Project 5: Predicting Energy Price. ML

March 10, 2021

In this ML project we will create a model that predicts the day-ahead price of power in Spain with Python.

As in previous projects, we will cover some of the most interesting steps and findings but not all of them. Personally, I would recommend that you download the code (Jupyter notebook) and the datasets (CSV files) for a better understanding.

Our dataset (power_market.csv) is composed of:

date: date of the observation ”%Y-%m-%d”
hour: hour of the observation, [0 - 23]
fc demand: forecast of demand in MWh
fc nuclear: forecast of nuclear power production in MWh
import FR: forecast of the importing capacity from France to Spain in MWh
export FR: forecast of the exporting capacity from Spain to France in MWh
fc wind: forecast of wind power production in MWh
fc solar pv: forecast of PV solar (solar panels) power production in MWh
fc solar th: forecast of thermal solar power production in MWh
price: power price for each hour in €/MWh. This is the target we want you to predict.

And the scoring.csv:

We start off by importing the libraries we need. As well as the common machine learning libraries (sklearn, pandas, numpy, etc) we use astral to calculate sunrise and sunset times, and xgboost to use their gradient boosting regressor.

Exploratory Data Analysis

We create the function “ESHolidayCalendar” to check whether or not certain days are a holiday in Spain.

 class ESHolidayCalendar(AbstractHolidayCalendar):
 rules = [
     Holiday("New Years Day", month=1, day=1),
     GoodFriday,
     Holiday("Labor Day", month=5, day=1),
     Holiday("Spain Day", month=10, day=12),
     Holiday("All Saints Day", month=11, day=1),
     Holiday("Consitution Day", month=12, day=6),
     Holiday("Inmaculada Concepcion", month=12, day=8),
     Holiday("Christmas", month=12, day=25),
 ]
spain_calendar = CustomBusinessDay(calendar=ESHolidayCalendar(), weekmask="Mon Tue Wed Thu Fri Sat Sun")

We detected that there are 26 null values in our dataframe (df.isnull().sum()). We plot a correlation matrix to make sure that our missing values are not correlated.

We can also detect some patterns with visualizations.

Feature Engineering

This DateEncoder is a result of our iterative feature engineering process. As we discovered new patterns in the data we added more features. It works in the same way as FunctionTransformers, so it can be included as a step in a pipeline, and its parameters can be changed so it behaves differently (include some features or not). This allows for clean pipelines, and prevents us from having to make copies of dataframes for every type of preprocessing we want to do.

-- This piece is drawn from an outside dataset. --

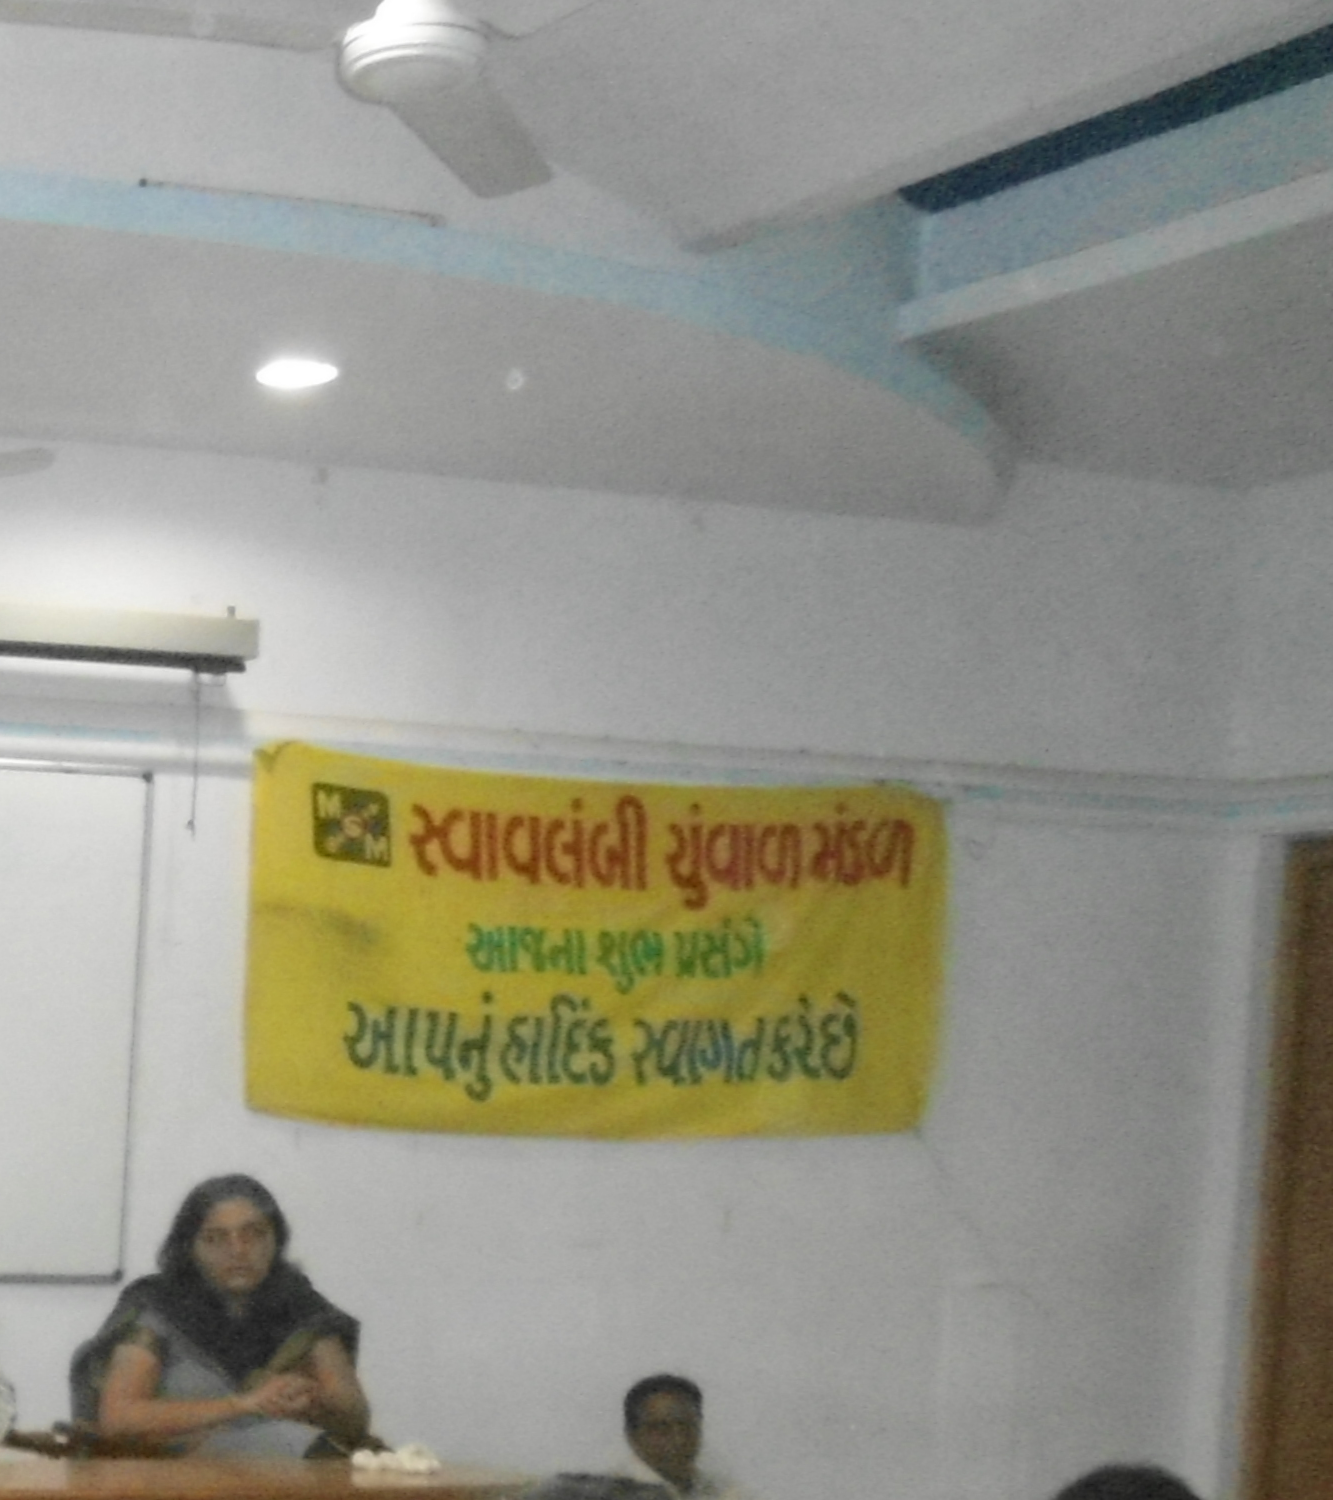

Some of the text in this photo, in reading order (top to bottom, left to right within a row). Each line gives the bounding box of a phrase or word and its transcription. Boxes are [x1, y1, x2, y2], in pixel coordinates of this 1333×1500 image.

These are the features it can extract:

season, which can be returned as a column of strings or as a series of encoded columns
is_holiday, whether or not it is a holiday in Spain
is_weekend
is_business_day, the combination of the two previous features
sunlight, hours of sunlight
sun, whether or not the sun is up at any given hour (rounds to the nearest hour)
t_from_zenith, the hours away from the sun’s zenith

day_period, the period of the day

class DateEncoder(TransformerMixin, BaseEstimator):
    def __init__(self, date_feature_name="date", hour_feature_name="hour", drop_date_col=True, drop_hour_col=True, ohe_cats=True):
        self.date_feature_name = date_feature_name
        self.hour_feature_name = hour_feature_name
        self.drop_date_col = drop_date_col
        self.drop_hour_col = drop_hour_col
        self.ohe_cats = ohe_cats

    def fit(self, X, y=None):
        return self

    def create_sun_items(self, date_series, city="Madrid", region="Spain", timezone="Europe/Madrid", latitude=40.4168, longitude=3.7038):
        city = LocationInfo(city, region, timezone, latitude, longitude)
        s = date_series.apply(lambda x: sun.sun(city.observer, date=x, tzinfo=city.timezone))
        self.sun_items = s

    def transform(self, X):
        X_ = X.copy()

        month = X_[self.date_feature_name].dt.month
        X_["season"] = np.where(
            np.logical_or(month < 3, month == 12),
            "winter",
            np.where(np.logical_and(month >= 3, month < 6), "spring", np.where(np.logical_and(month >= 6, month < 9), "summer", "autumn")),
        )



        start_date = X_[self.date_feature_name].min()
        end_date = X_[self.date_feature_name].max()
        date_range = pd.bdate_range(start_date, end_date, freq=spain_calendar)
        holiday = X_[self.date_feature_name].isin(date_range)
        holiday = ~holiday
        X_["is_holiday"] = holiday.astype(int)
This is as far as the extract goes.